There were no souls in these bodies, if there were such things as souls, and Jamie believed with everything in him that there was something soul-like. Their bodies looked and felt empty. Shells on a shore abandoned by their creatures for other unknowns, leaving behind only these seashells left washed up in dirty sea foam.
People’s places, as Emily called them, were madness. All the madness a person has in very real-seeming atmospheres. Cecily knew he was doing this. They silently understood it was cruel to leave them ‘alive’ in whatever the hive-mind life might be. They instinctively knew without communicating that Jamie was going to release these people.
He slid the knife into Becca’s heart, wiped the blade on her shirt, folded it and put it in his pocket.
Chapter 9
Jamie left the ranch the same way the others had, and yelled into the wind and rain for them. He heard Cecily call for him from the south, where he assumed she was down in the small ravine behind the ranch.
He didn’t hear John until he walked right up on the four of them. His right leg was bent in half midway through his already misshapen calf, the bone sticking out. He was sobbing uncontrollably, saying Cecily’s name over and over.

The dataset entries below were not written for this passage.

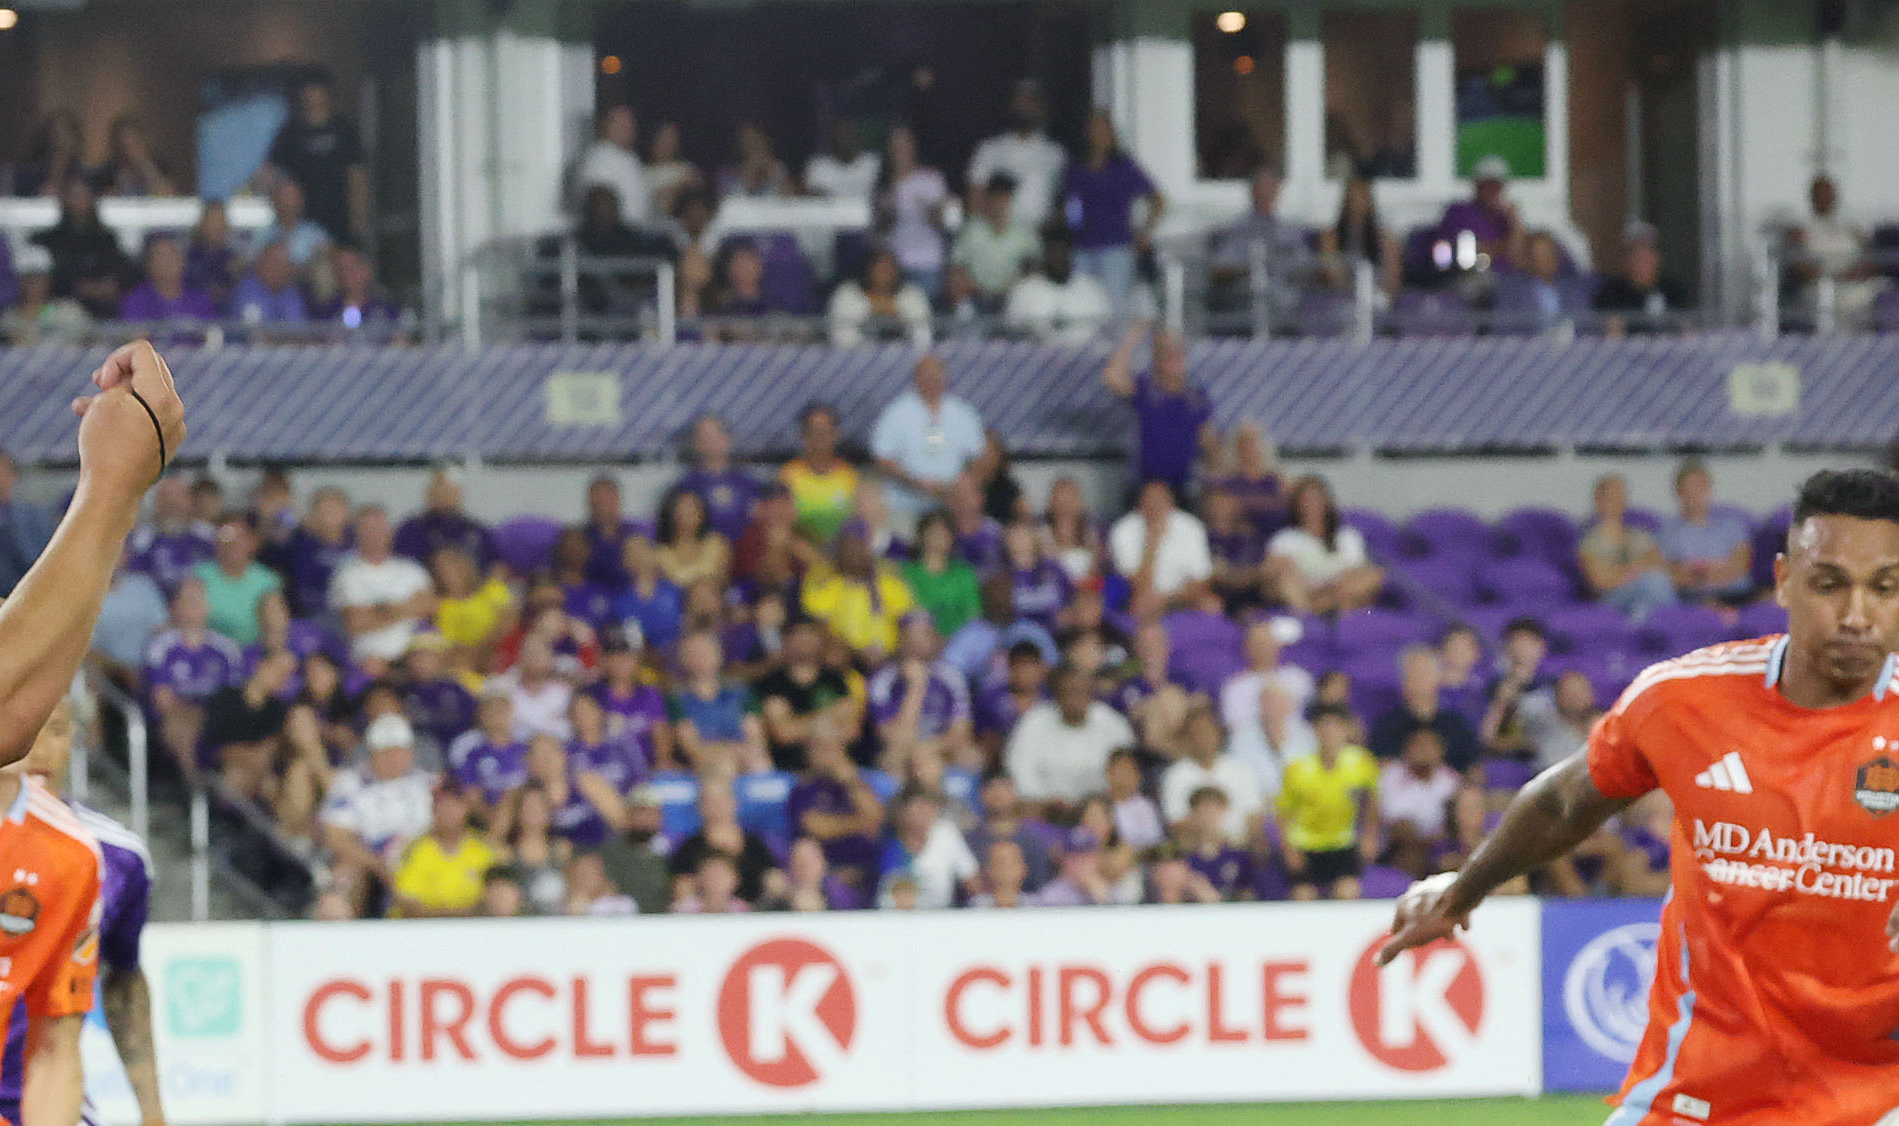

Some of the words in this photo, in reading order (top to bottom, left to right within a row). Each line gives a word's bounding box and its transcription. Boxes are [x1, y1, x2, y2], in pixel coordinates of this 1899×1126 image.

[1694, 819, 1750, 854] MD
[1750, 827, 1896, 873] Anderson
[1696, 848, 1796, 892] Cancer
[1795, 863, 1896, 902] Center
[303, 976, 677, 1062] CIRCLE
[742, 957, 852, 1079] K
[944, 962, 1309, 1048] CIRCLE
[1372, 943, 1480, 1065] K
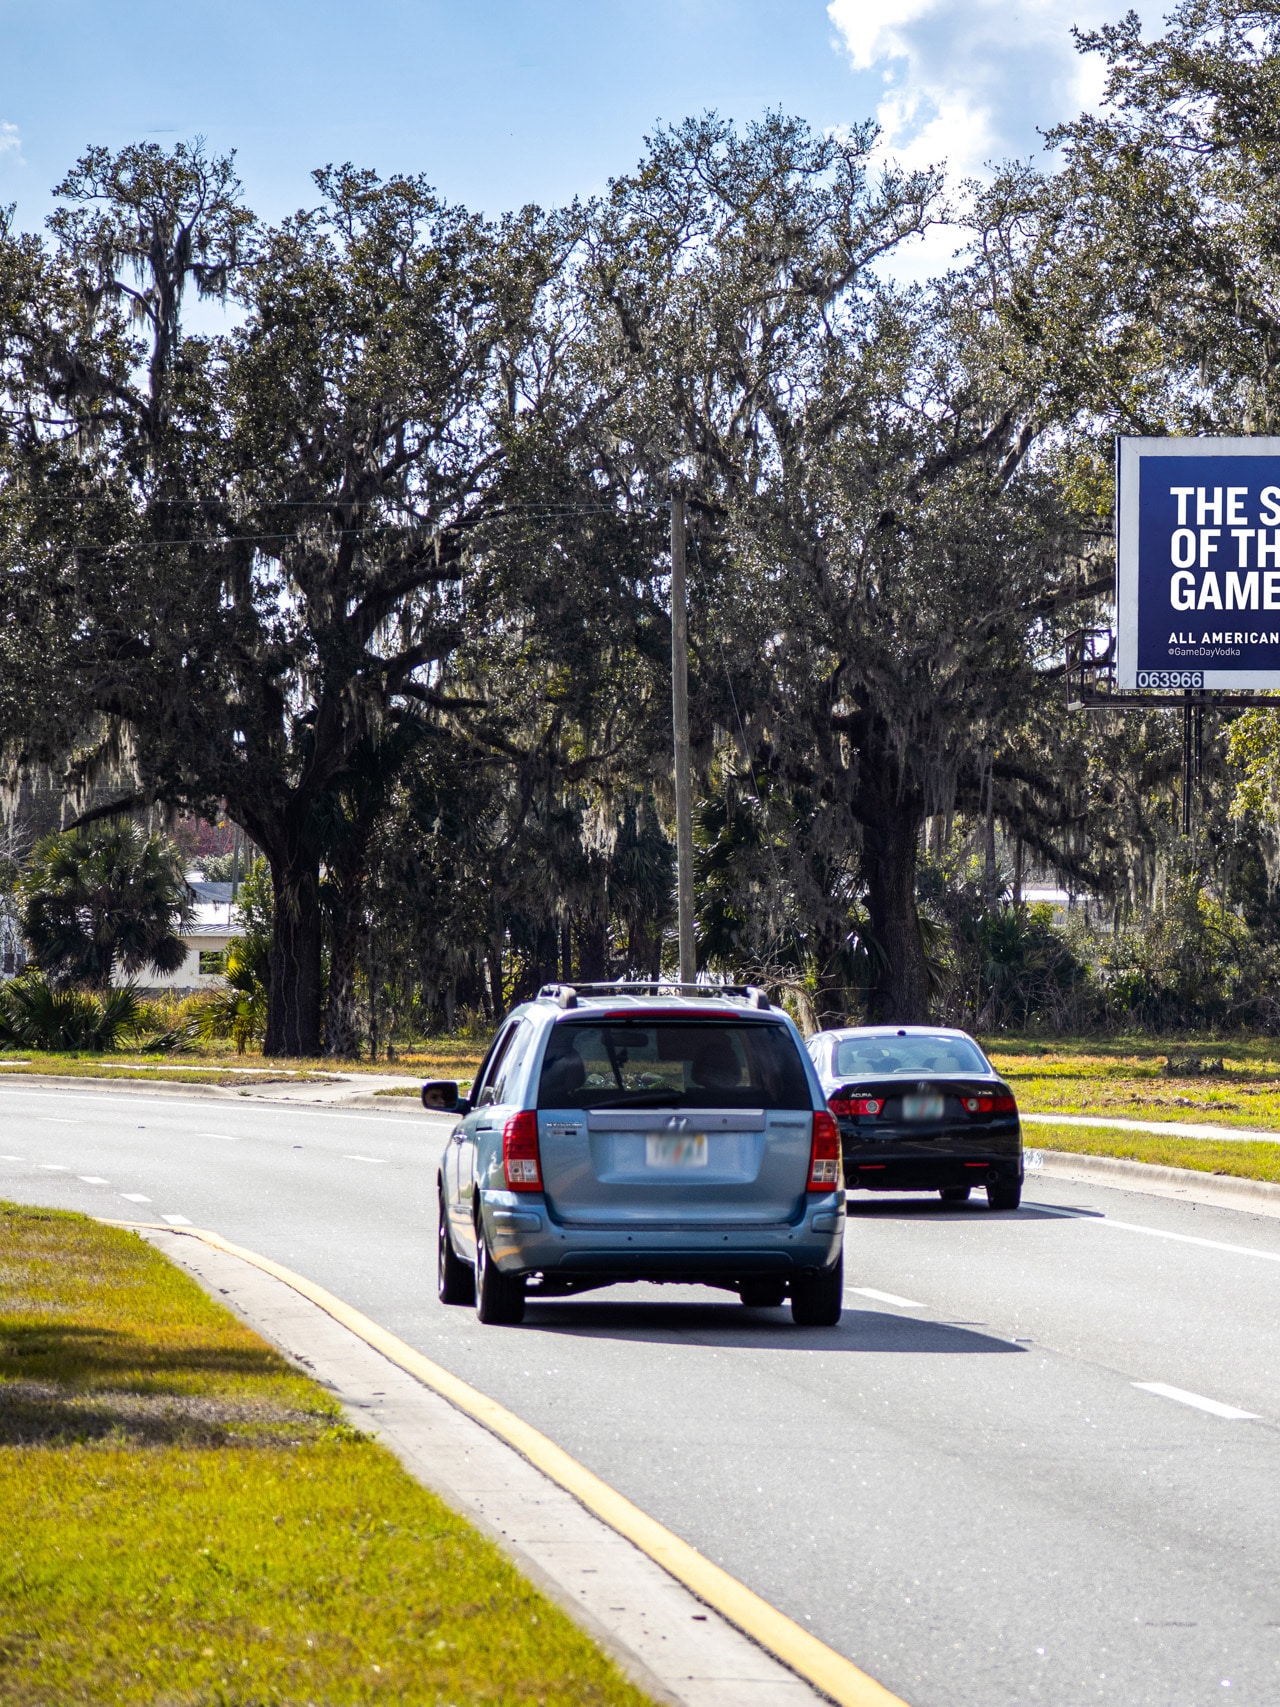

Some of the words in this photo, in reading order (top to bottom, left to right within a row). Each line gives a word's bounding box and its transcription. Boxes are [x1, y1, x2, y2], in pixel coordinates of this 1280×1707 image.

[1170, 487, 1248, 526] THE
[1170, 528, 1221, 568] OF
[1168, 632, 1196, 644] ALL
[1201, 632, 1279, 644] AMERICAN
[1168, 648, 1241, 657] @GameDayVodka
[1139, 672, 1202, 687] 063966

Jamie sat in the rain with his kids a few feet away, hearing a little of Cecily and John’s conversation. John was repetitive, mainly about how he did Cecily wrong, how he did everyone wrong, how he tried to do right at the end and this was the end.

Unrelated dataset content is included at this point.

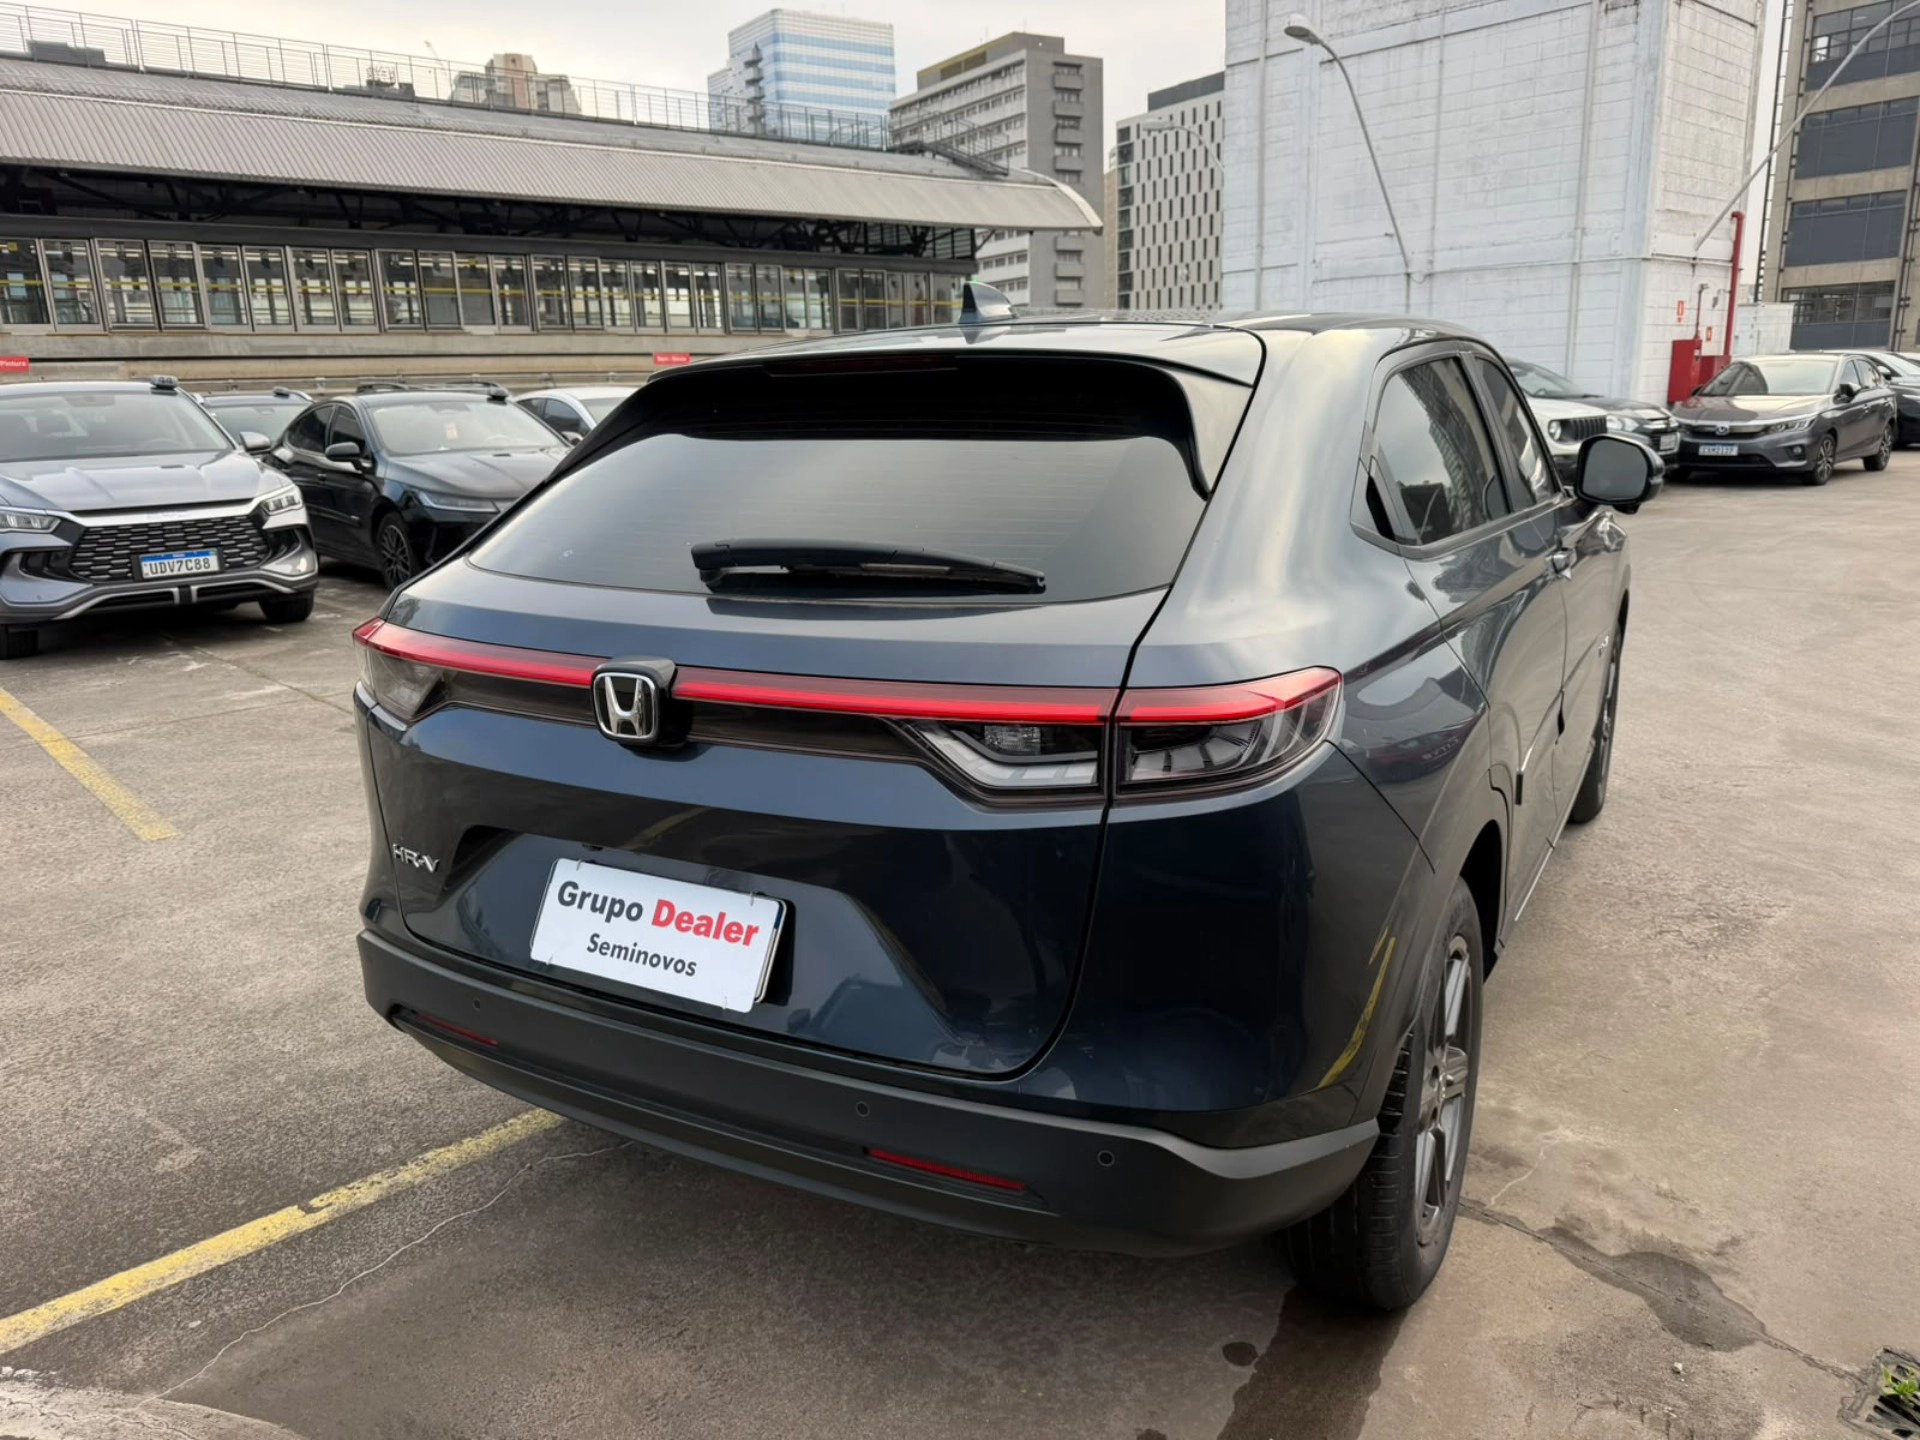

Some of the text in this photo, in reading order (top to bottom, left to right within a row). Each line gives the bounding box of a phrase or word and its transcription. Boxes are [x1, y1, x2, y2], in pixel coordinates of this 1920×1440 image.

“And he should do it!” John yelled, pointing at Jamie as he looked up at the beaten man. “He deserves to rip me to pieces again,” John continued. “But he did the right thing. He told me he was going to leave me alive so I’d remember every day I looked in the mirror that I’d destroyed a woman and man’s lives today.”
John sunk his head into both muddy, wet hands, streaking his scars with reddish smears. It made it look as though his cuts were fresh and he was bleeding for the first time.
Jamie’s world spun.
Of course Jamie recognized those eyes. And the way Cecily changed the subject away from John the couple times Ja
mie asked about him. The green eyes in the ski mask. He was the man who killed Amanda by jacking out her implant.
All this time, Jamie had believed he’d killed both men, but no. He’d annihilated this one and left him to live with a broken body and a deformed face and scalp.
Deep hatred filled Jamie’s heart. Pain was as fresh as the day it happened in that moment. Jamie stood up and looked at Cecily. She stared blankly at the ground, the water making her dark hair into a curtain framing her exotic features.
This man…why had Jamie left him alive? All the hate he had been carrying for McElroy transferred over to John, another weak and power-hungry liar. What had he put Cecily through?
He took another step toward John, and Cecily looked up into Jamie’s eyes. He couldn’t read her expression, but saw hard emotion in her deep black irises.
He took the skinning knife from his pocket. “Kids, look away.”
“Are you going to kill John?” Junior asked.
“Yeah,” Mandy added.
They sounded more curious than anything, as though they thought the action of the day was done and they just had to get somewhere dry. Now Daddy’s standing over John with a very sharp knife and murder in his blood. He’d killed so many today. And he would kill one more.
“Yes, I am going to kill him.”
John’s head shot up and he raised his hands in the air. “No, no, friend, don’t do it. I didn’t mean it. I want to live! I want to be alive! I don’t want to go. I have more to offer! I can offer things to you. I know things. Lots of things. I tried to help your children out of…” he gasped for air “…the ranch house, but I was weak. But I’m good for plenty of other things. Please…don’t…”
Jamie watched him as he babbled, and then swiftly and smoothly slashed the murderous, lying man’s throat. It didn’t even make a sound, and they all sat there in the rain and softening wind as John’s blood-covered body fell to the side, his mouth still forming begging words. But no sound came out. A torrent of blood gushed from his open throat, and bubbles formed out of the blood around his wind pipe where he was still trying to justify himself.